(Reuters) - Spanish-language broadcaster Univision Communications Inc [UVN.UL] is exploring options, including a possible sale, the Wall Street Journal reported on Wednesday.
The company has hired Morgan Stanley and boutique investment bank LionTree to explore the options, the Journal said, citing people familiar with the matter.
Univision was taken private by a group of buyout firms, including Madison Dearborn Partners, Saban Capital, Providence Equity Partners, TPG Capital and Thomas H. Lee Partners, for $12.3 billion in 2007.
Univision filed for an IPO in 2015, but investor appetite for large indebted companies such as Univision soured and those plans have been on hold.
During the delay, the company underwent a restructuring that led to the layoffs of more than 200 employees. It also acquired U.S. internet publisher Gawker Media LLC for $135 million.

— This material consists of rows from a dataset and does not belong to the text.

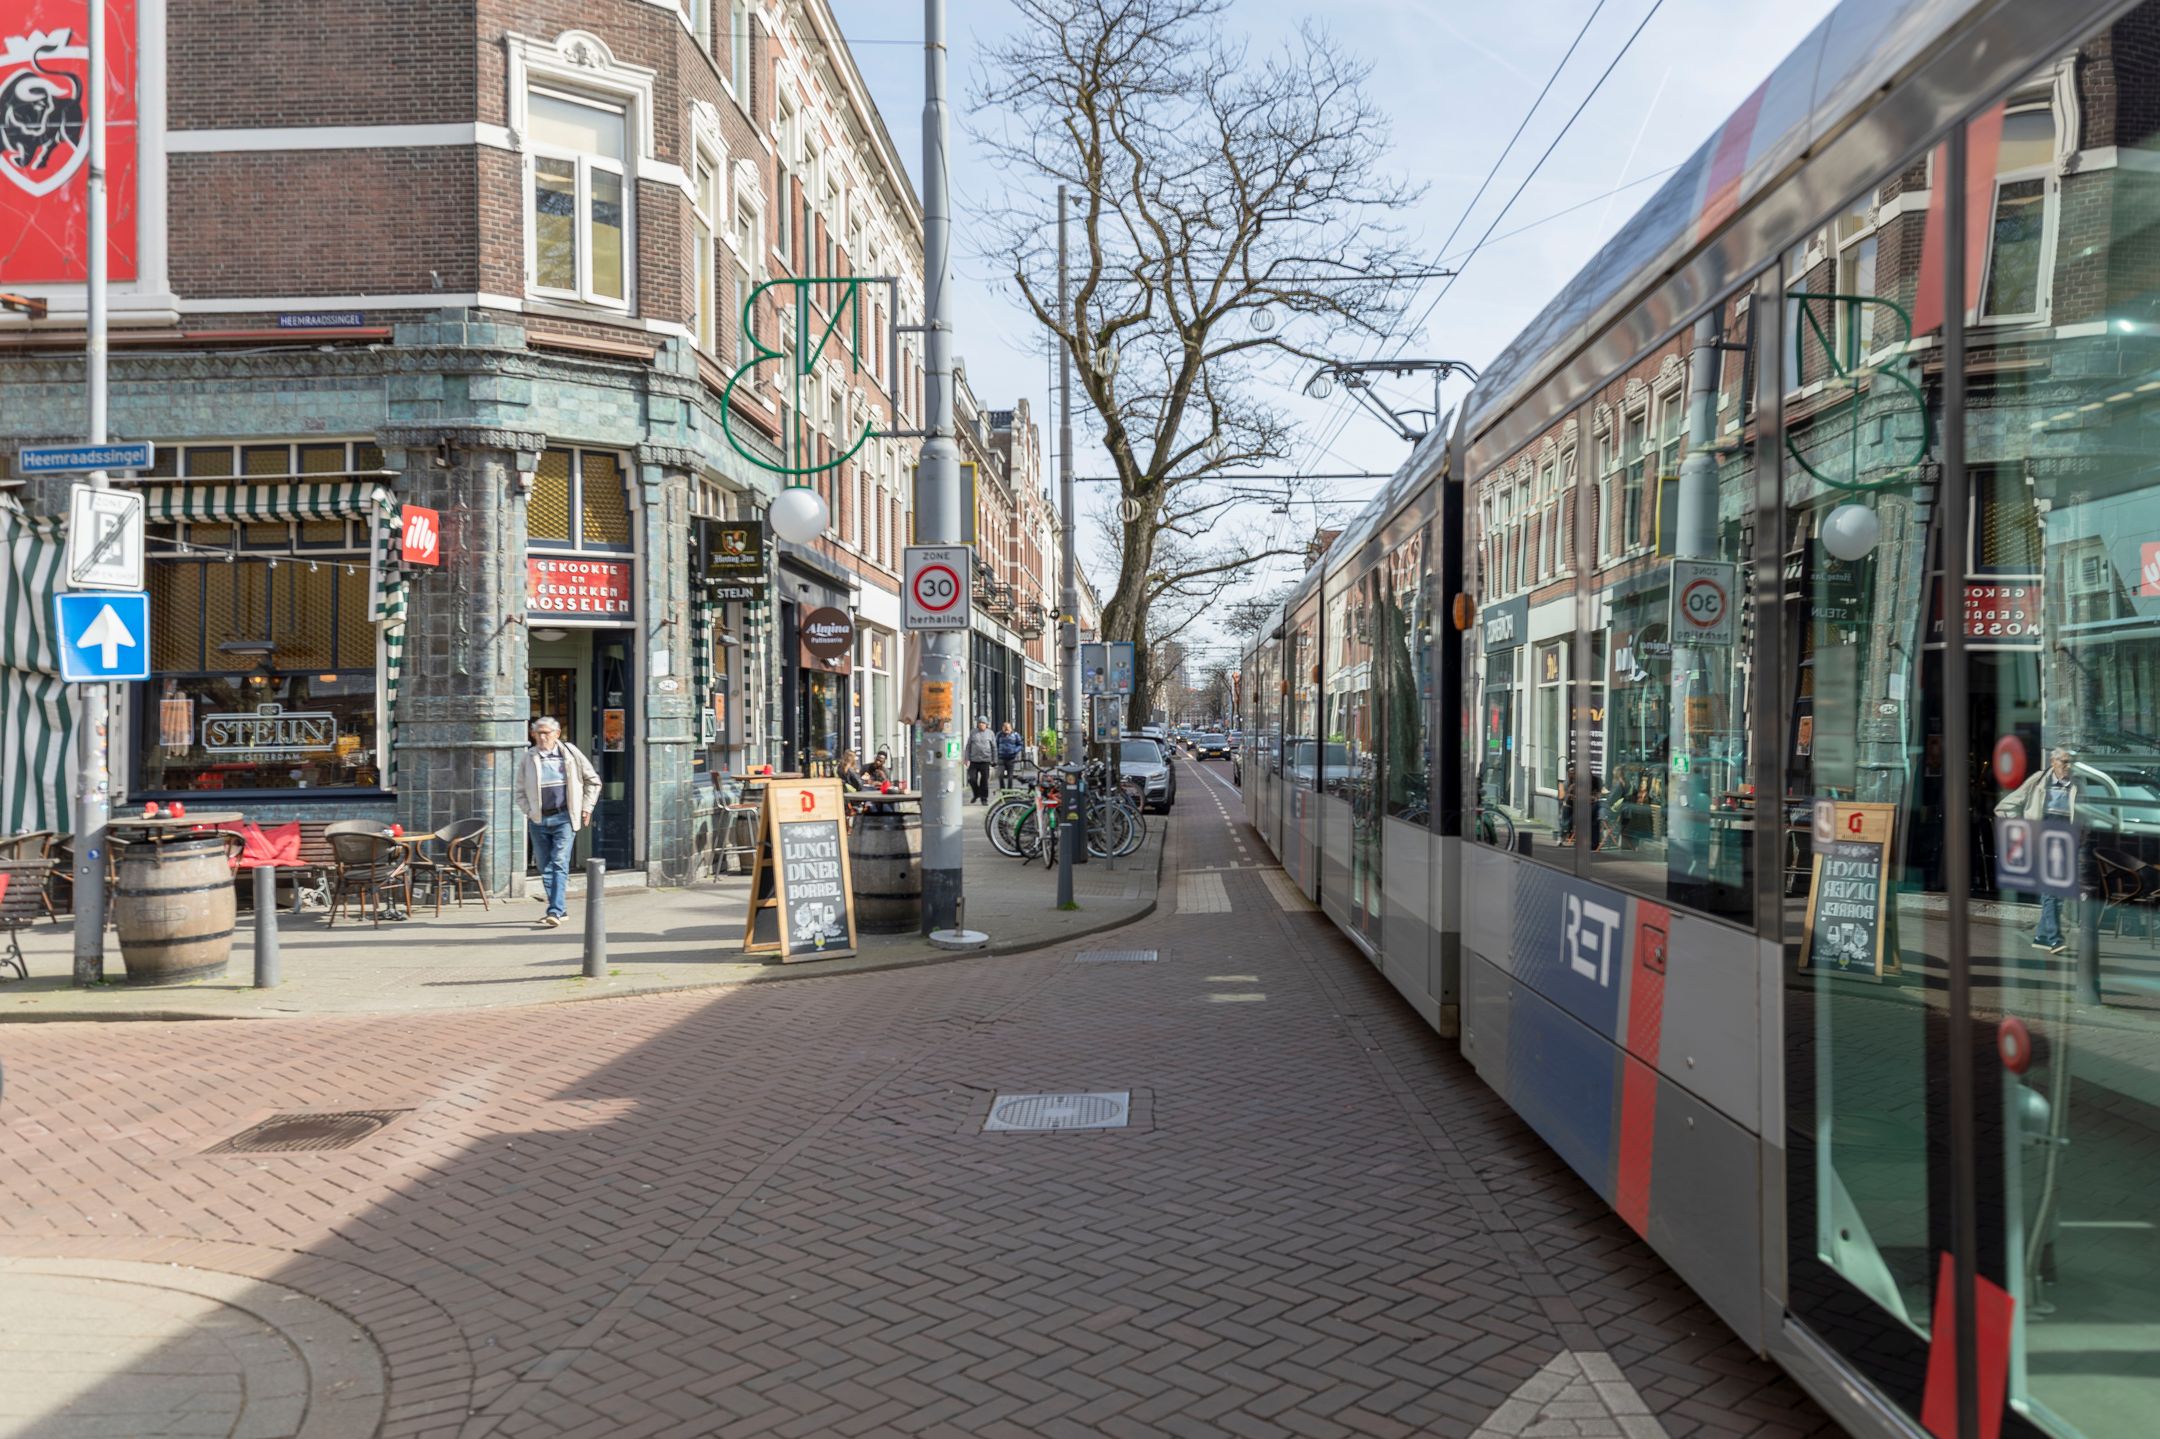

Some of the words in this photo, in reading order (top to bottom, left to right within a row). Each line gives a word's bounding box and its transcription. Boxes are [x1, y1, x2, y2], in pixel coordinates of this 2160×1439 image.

[281, 314, 361, 327] HEEMRAADSSINGEL
[24, 448, 145, 467] Heemraadssingel
[405, 515, 437, 558] illy
[922, 552, 951, 561] ZONE
[537, 561, 618, 576] GEKOOKTE
[537, 583, 618, 597] GEBAKKEN
[922, 580, 953, 597] 30
[526, 597, 629, 612] MOSSELEN
[909, 615, 965, 625] herhaling
[805, 622, 850, 637] Almina
[210, 720, 328, 746] STEIJN
[239, 753, 300, 762] ROTTERDAM
[785, 841, 837, 860] LUNCH
[787, 861, 839, 882] DINER
[788, 881, 841, 900] BORREL
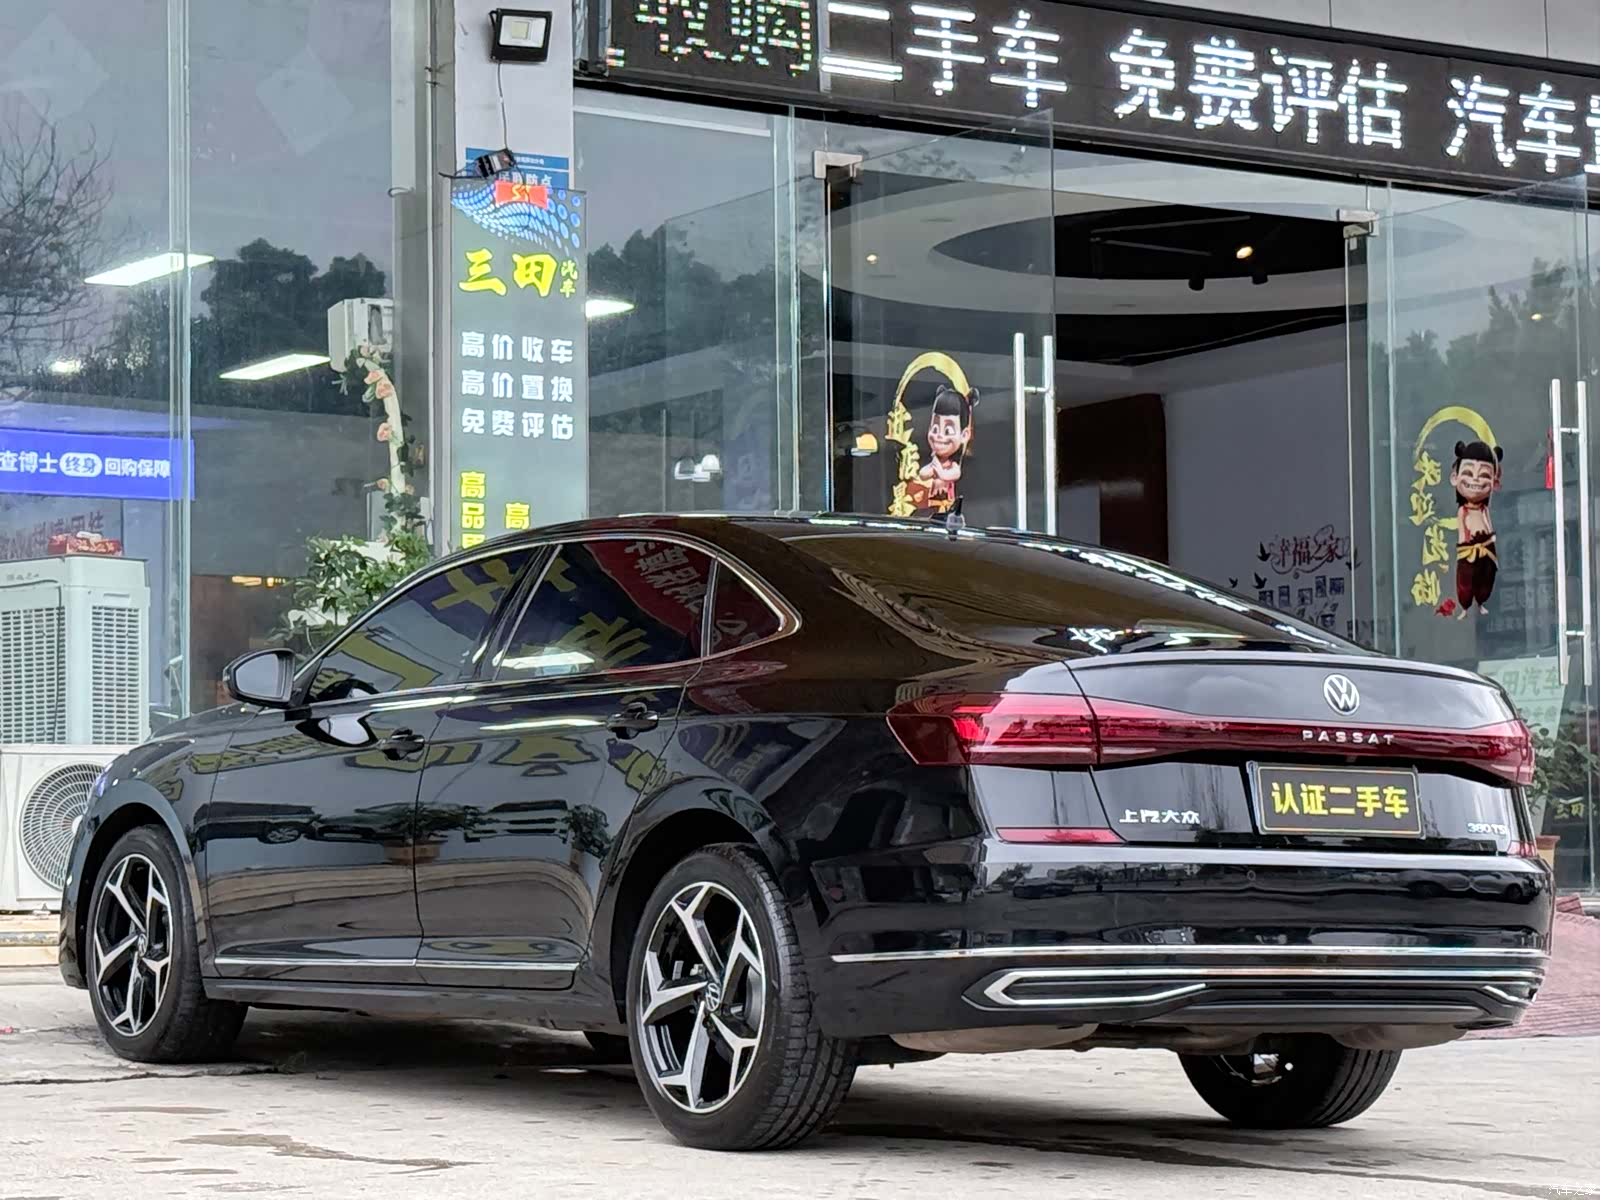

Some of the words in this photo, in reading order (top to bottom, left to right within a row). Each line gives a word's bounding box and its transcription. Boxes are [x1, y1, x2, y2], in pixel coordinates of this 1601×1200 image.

In April, private equity firm Great Hill Partners agreed to buy Gizmodo Media Group, which includes Gizmodo, Jezebel, Deadspin and Lifehacker, and The Onion from Univision.
Univision turned down an offer from cable tycoon John Malone in 2017 that valued the company at between $13.5 billion to $15 billion, according to the WSJ report.
Univision declined to comment on the report. Morgan Stanley and LionTree did not immediately respond to a request for comment from Reuters.